HOW TO COMPLETE THIS TASK
Leave out the pictures and print the records below exactly.
*** MATERIALS PROVIDED
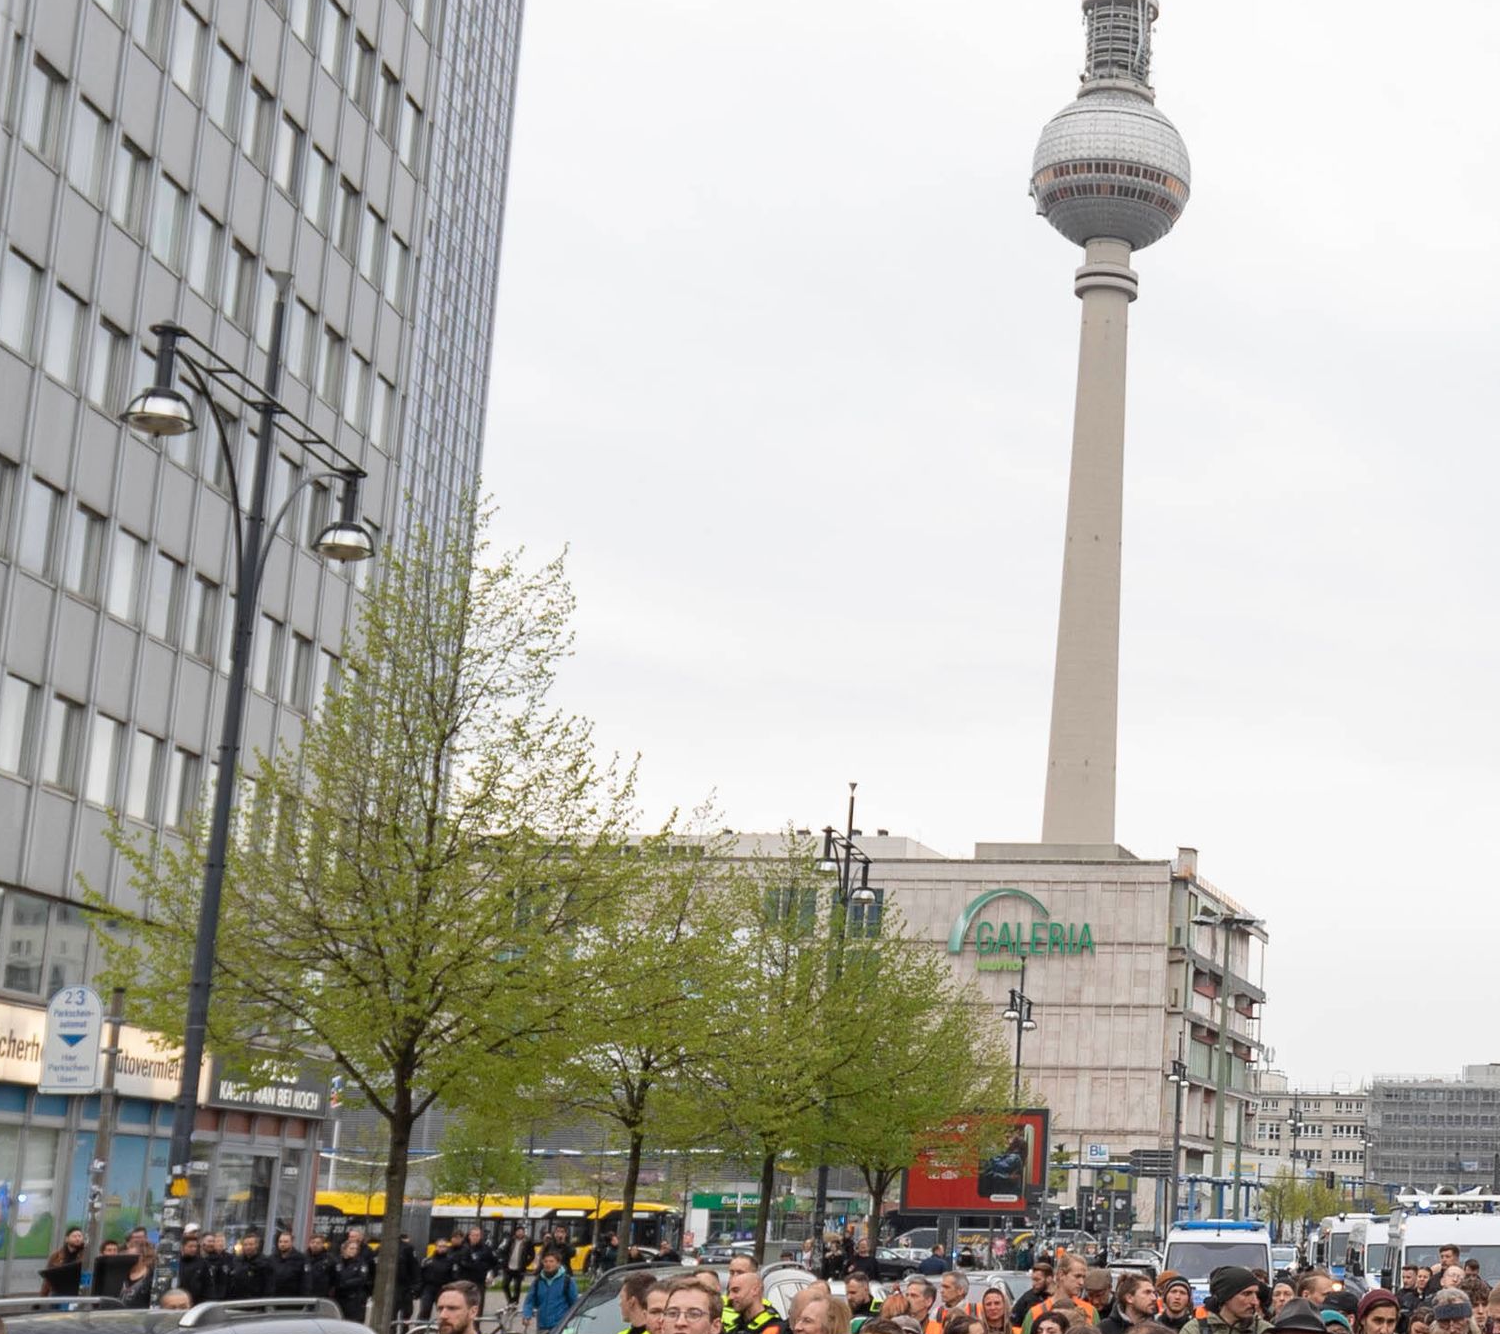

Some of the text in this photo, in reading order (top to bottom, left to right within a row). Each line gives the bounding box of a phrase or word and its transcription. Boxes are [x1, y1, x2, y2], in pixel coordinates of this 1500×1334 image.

[976, 921, 1095, 955] GALERIA
[276, 1088, 293, 1107] BEI
[293, 1090, 319, 1111] KOCH
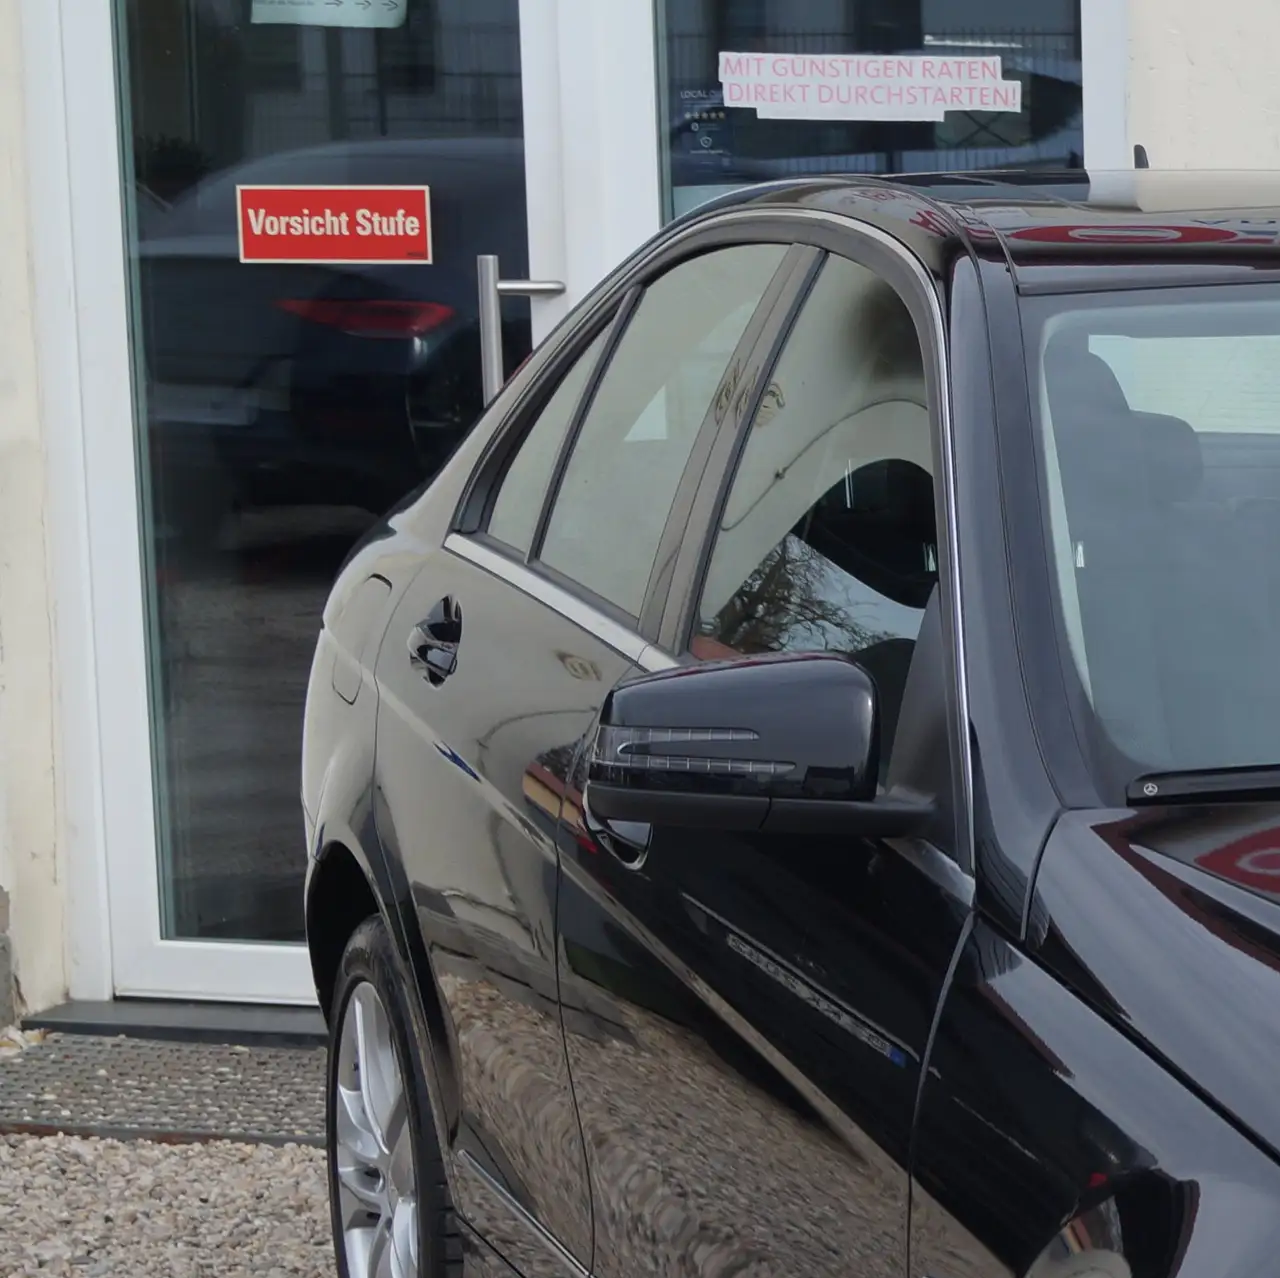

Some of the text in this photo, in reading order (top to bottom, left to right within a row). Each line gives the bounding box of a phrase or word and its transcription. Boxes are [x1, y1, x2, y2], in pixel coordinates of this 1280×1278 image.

[723, 57, 766, 77] MIT
[920, 60, 998, 81] RATEN
[727, 83, 1018, 107] DIREKT DURCHSTARTEN!
[247, 208, 421, 237] Vorsicht Stufe
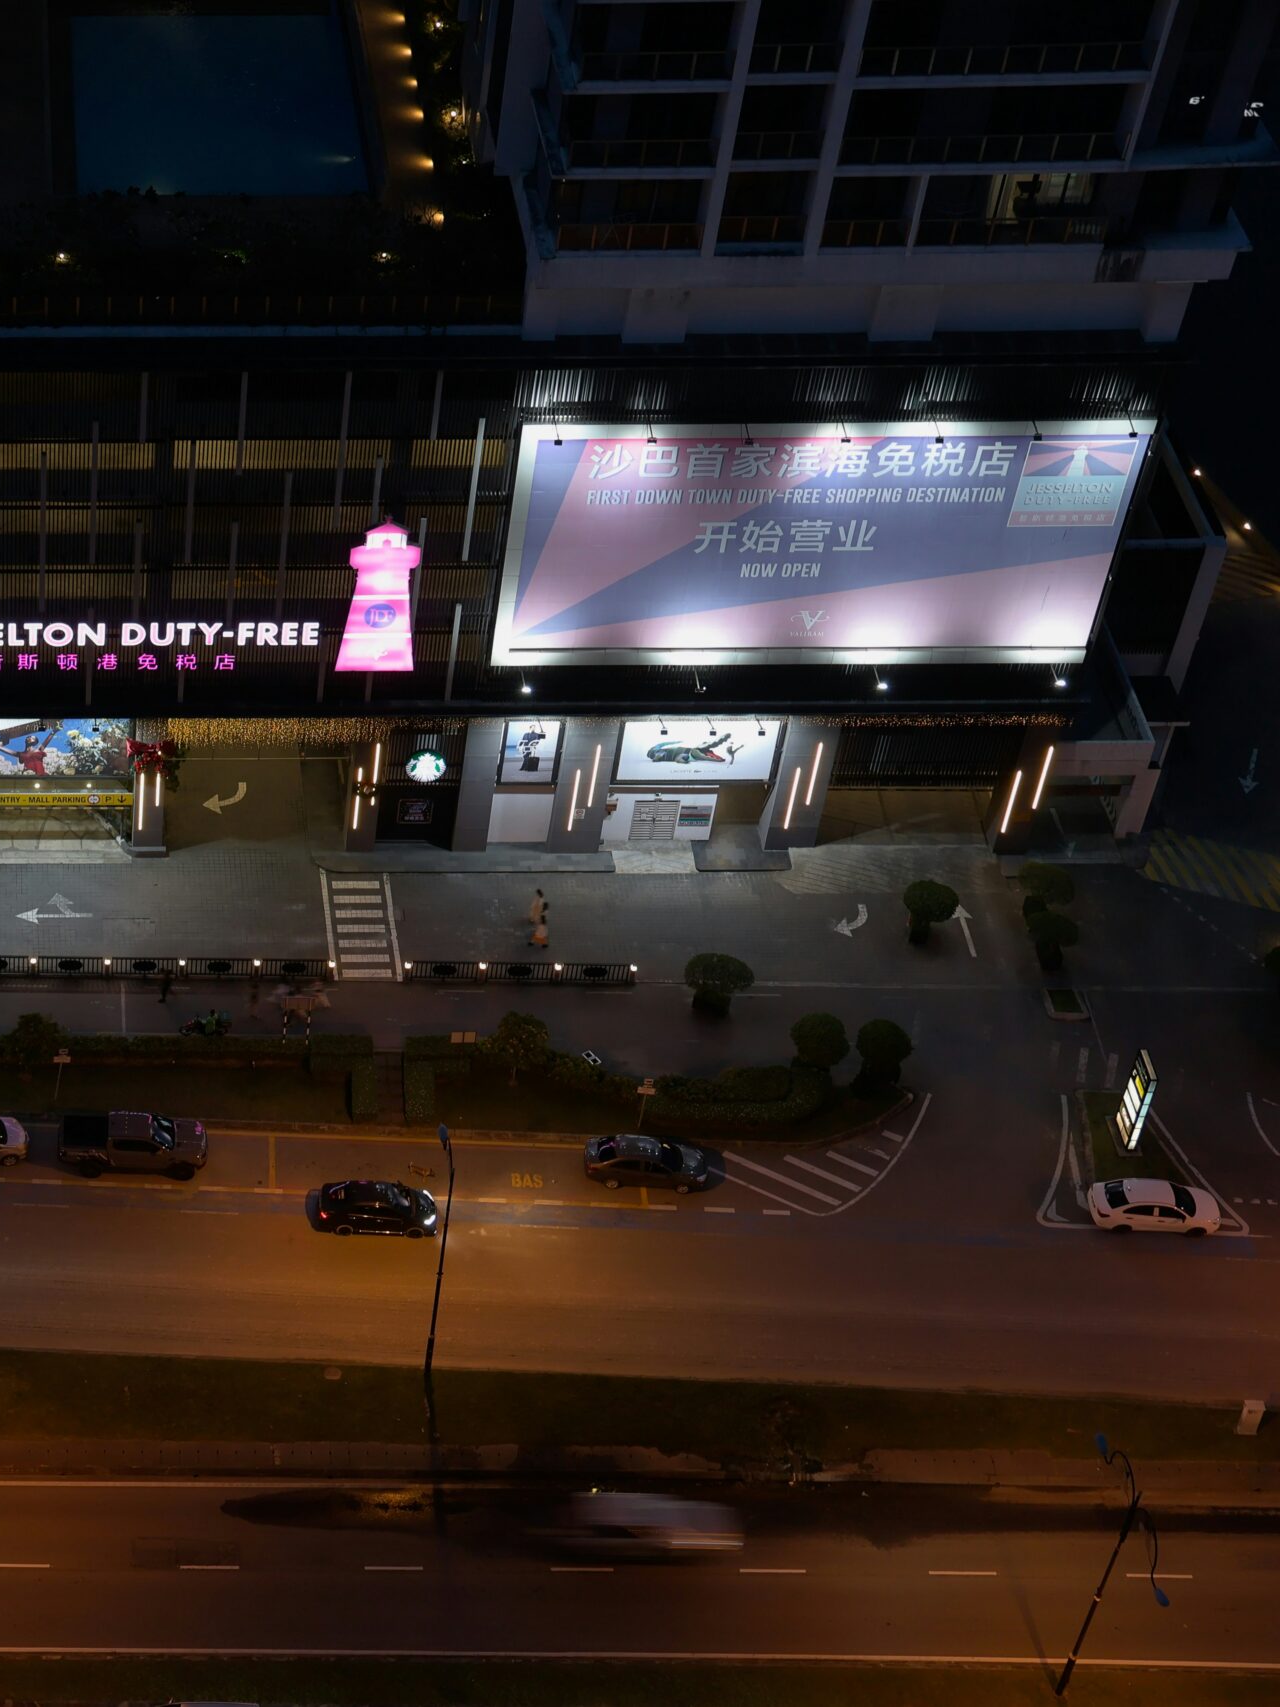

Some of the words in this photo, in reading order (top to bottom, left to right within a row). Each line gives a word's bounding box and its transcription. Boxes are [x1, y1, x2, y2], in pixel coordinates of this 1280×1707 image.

[588, 441, 1017, 480] 沙巴首家滨海免税店
[586, 489, 631, 506] FIRST
[635, 489, 683, 505] DOWN
[687, 489, 733, 505] TOWN
[736, 488, 821, 505] DUTY-FREE
[825, 488, 903, 504] SHOPPING
[906, 487, 1006, 503] DESTINATION
[1026, 482, 1113, 495] JESSELTON
[1023, 496, 1111, 506] DUTY-FREE
[694, 520, 878, 554] 开始营业
[740, 562, 778, 579] NOW
[781, 562, 821, 578] OPEN
[121, 621, 320, 647] DUTY-FREE
[511, 1173, 544, 1189] BAS
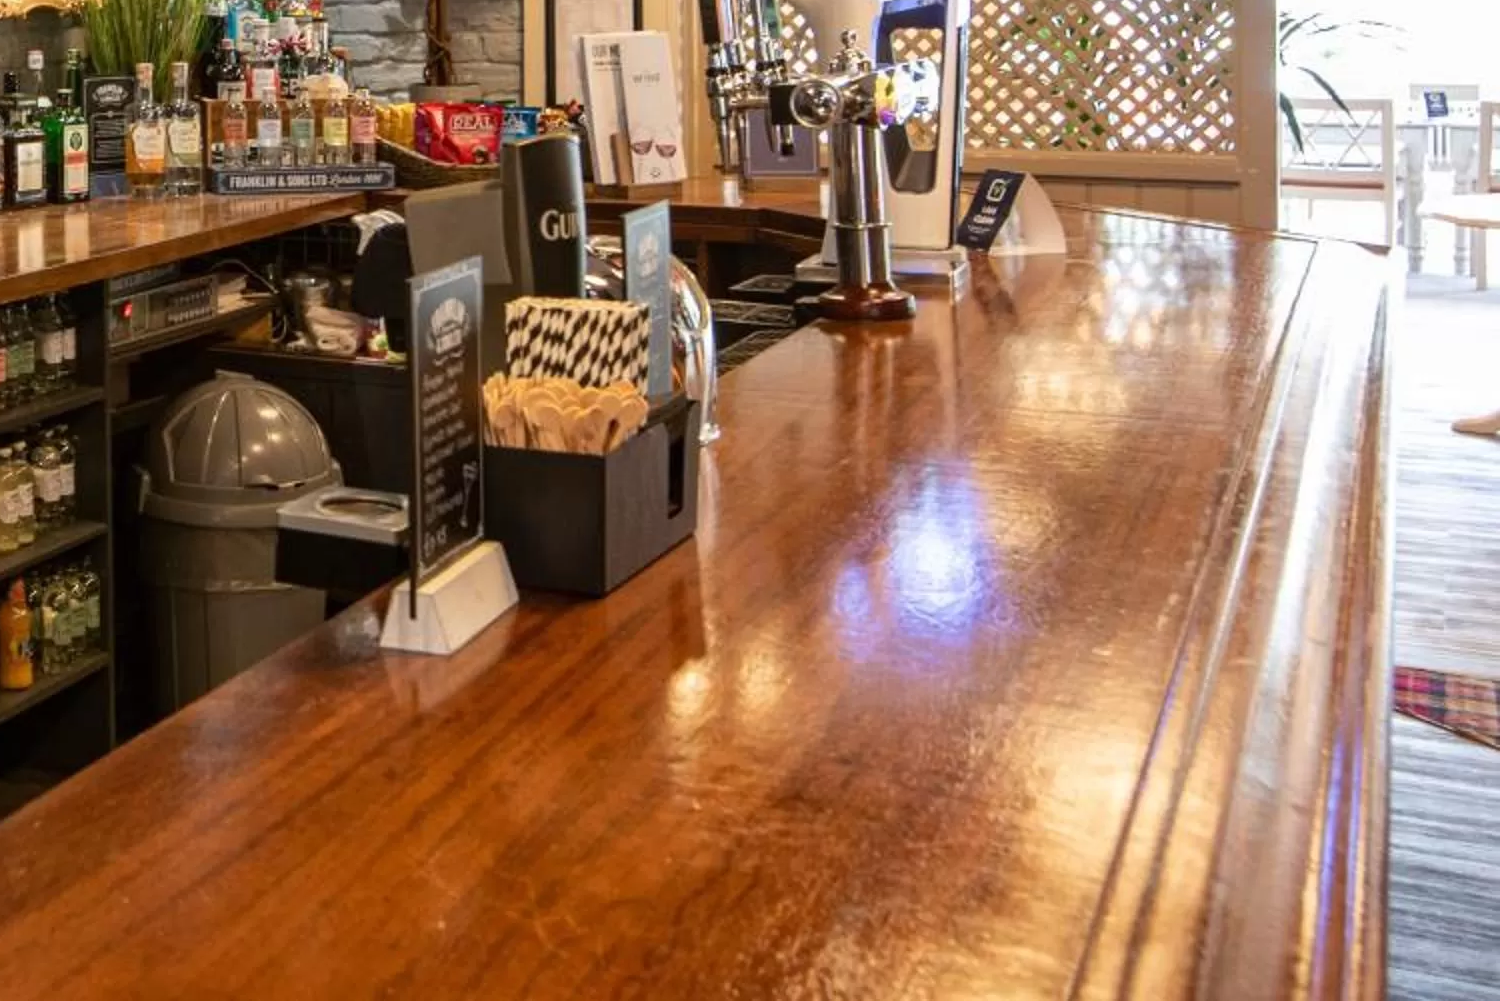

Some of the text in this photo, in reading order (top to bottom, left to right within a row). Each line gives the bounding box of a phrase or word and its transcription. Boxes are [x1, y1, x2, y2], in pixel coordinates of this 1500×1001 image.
******
EXERCISE OUTPUT
Some of the text in this photo, in reading order (top to bottom, left to right within a row). Each line gives the bounding box of a phrase or word and its transcription. Boxes are [x1, y1, x2, y2], in pixel coordinates of this 1500×1334 image.

[976, 921, 1095, 955] GALERIA
[276, 1088, 293, 1107] BEI
[293, 1090, 319, 1111] KOCH

Some of the text in this photo, in reading order (top to bottom, left to right within a row). Each line gives the bounding box of a phrase or word and its transcription. Boxes are [x1, y1, x2, y2], in pixel coordinates of this 1280×1278 image.

[723, 57, 766, 77] MIT
[920, 60, 998, 81] RATEN
[727, 83, 1018, 107] DIREKT DURCHSTARTEN!
[247, 208, 421, 237] Vorsicht Stufe

Some of the words in this photo, in reading order (top to bottom, left to right within a row). Each line gives a word's bounding box and its transcription. Boxes are [x1, y1, x2, y2], in pixel coordinates of this 1280×1707 image.

[588, 441, 1017, 480] 沙巴首家滨海免税店
[586, 489, 631, 506] FIRST
[635, 489, 683, 505] DOWN
[687, 489, 733, 505] TOWN
[736, 488, 821, 505] DUTY-FREE
[825, 488, 903, 504] SHOPPING
[906, 487, 1006, 503] DESTINATION
[1026, 482, 1113, 495] JESSELTON
[1023, 496, 1111, 506] DUTY-FREE
[694, 520, 878, 554] 开始营业
[740, 562, 778, 579] NOW
[781, 562, 821, 578] OPEN
[121, 621, 320, 647] DUTY-FREE
[511, 1173, 544, 1189] BAS

Some of the text in this photo, in reading order (top to bottom, left to right within a row). Each line gives the bounding box of a phrase or word and its transcription. Boxes are [x1, y1, x2, y2], in pixel coordinates of this 1500×1001 image.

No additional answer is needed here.